Try it —
Below are the records; reproduce all of them exactly but without any images.

Data to use —

....

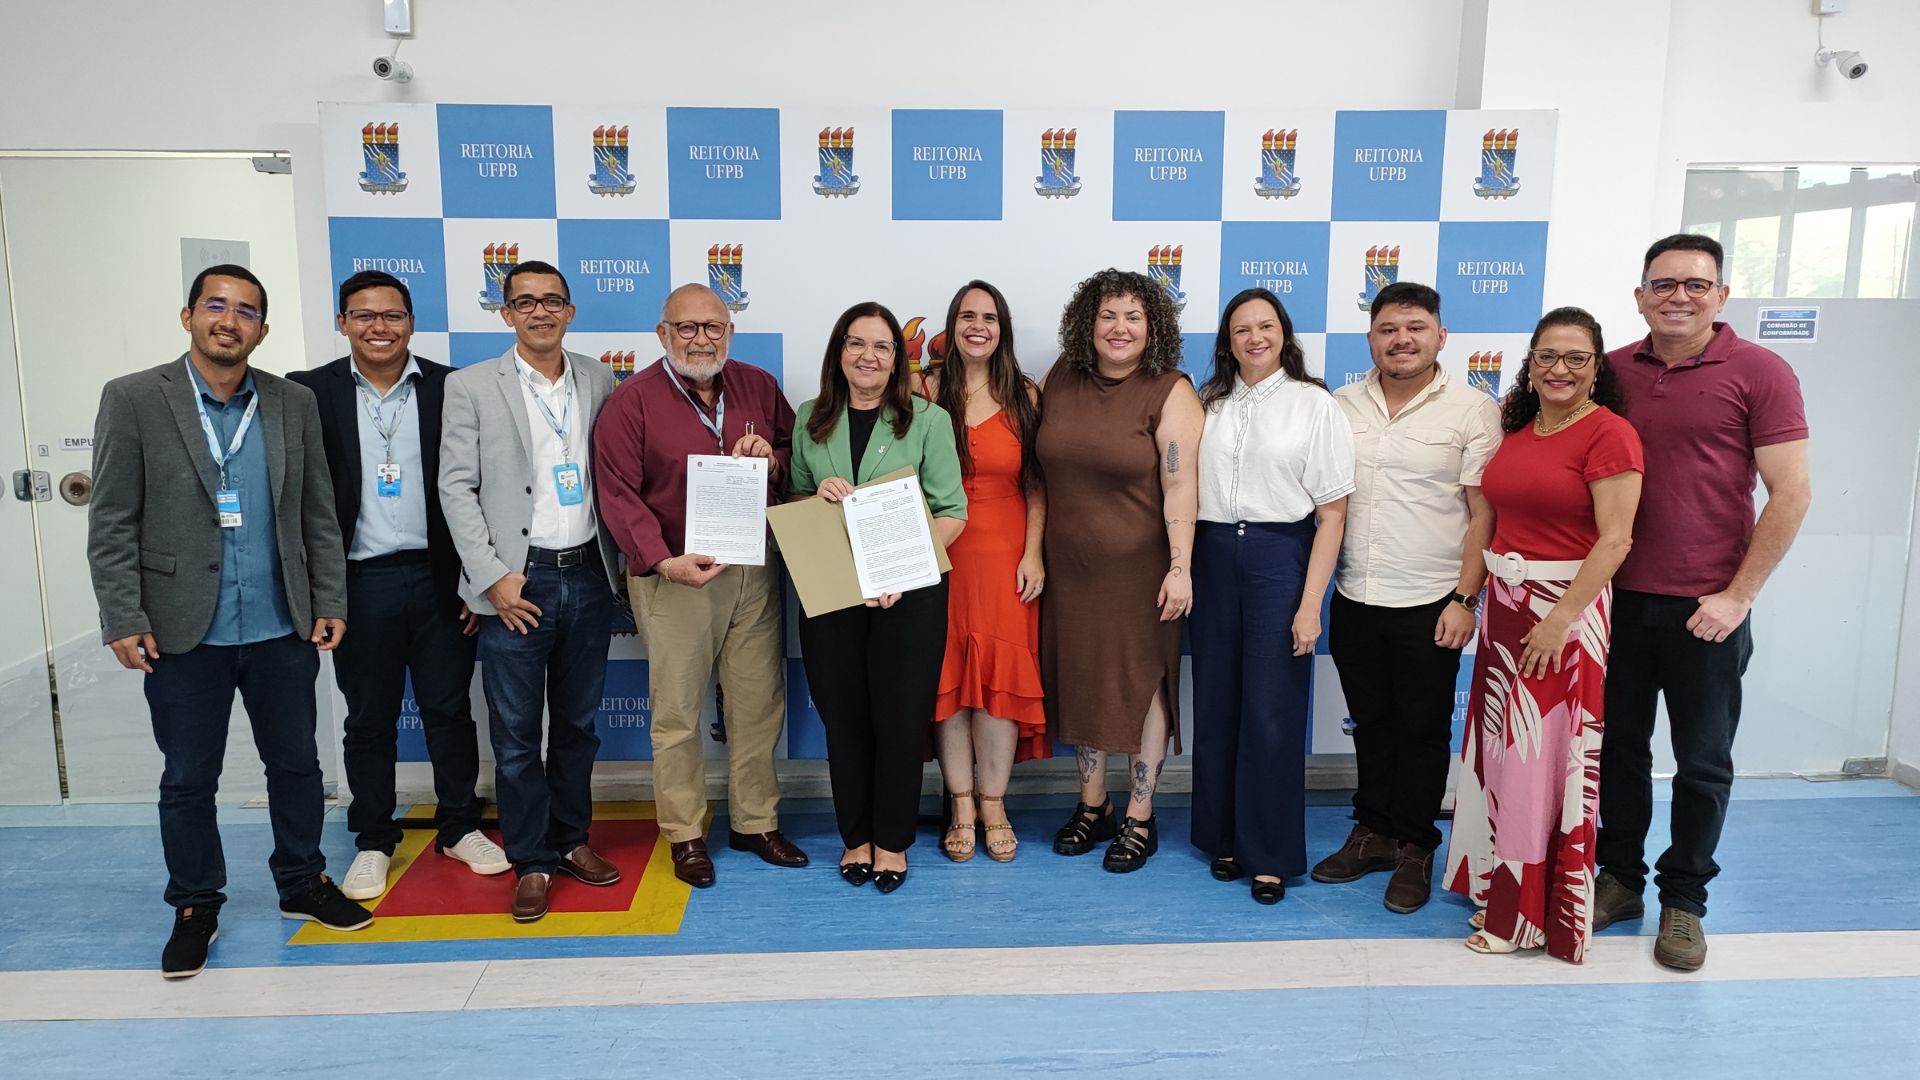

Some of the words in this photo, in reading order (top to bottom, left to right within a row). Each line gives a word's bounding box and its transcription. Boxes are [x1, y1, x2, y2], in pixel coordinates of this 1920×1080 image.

[461, 144, 533, 158] REITORIA
[690, 145, 760, 160] REITORIA
[914, 147, 982, 161] REITORIA
[1135, 148, 1203, 162] REITORIA
[1355, 148, 1423, 162] REITORIA
[479, 163, 517, 178] UFPB
[706, 165, 743, 179] UFPB
[929, 166, 966, 180] UFPB
[1149, 167, 1187, 181] UFPB
[1370, 167, 1406, 181] UFPB
[352, 258, 425, 273] REITORIA
[580, 260, 651, 275] REITORIA
[1241, 261, 1308, 275] REITORIA
[1457, 261, 1525, 276] REITORIA
[597, 278, 635, 293] UFPB
[1256, 279, 1293, 293] UFPB
[1472, 280, 1508, 294] UFPB
[64, 438, 96, 447] EMPU
[599, 697, 650, 711] EITORI
[608, 714, 645, 728] UFPB

....

Answer to this exercise —
Some of the words in this photo, in reading order (top to bottom, left to right within a row). Each line gives a word's bounding box and its transcription. Boxes are [x1, y1, x2, y2], in pixel coordinates of this 1920×1080 image.

[461, 144, 533, 158] REITORIA
[690, 145, 760, 160] REITORIA
[914, 147, 982, 161] REITORIA
[1135, 148, 1203, 162] REITORIA
[1355, 148, 1423, 162] REITORIA
[479, 163, 517, 178] UFPB
[706, 165, 743, 179] UFPB
[929, 166, 966, 180] UFPB
[1149, 167, 1187, 181] UFPB
[1370, 167, 1406, 181] UFPB
[352, 258, 425, 273] REITORIA
[580, 260, 651, 275] REITORIA
[1241, 261, 1308, 275] REITORIA
[1457, 261, 1525, 276] REITORIA
[597, 278, 635, 293] UFPB
[1256, 279, 1293, 293] UFPB
[1472, 280, 1508, 294] UFPB
[64, 438, 96, 447] EMPU
[599, 697, 650, 711] EITORI
[608, 714, 645, 728] UFPB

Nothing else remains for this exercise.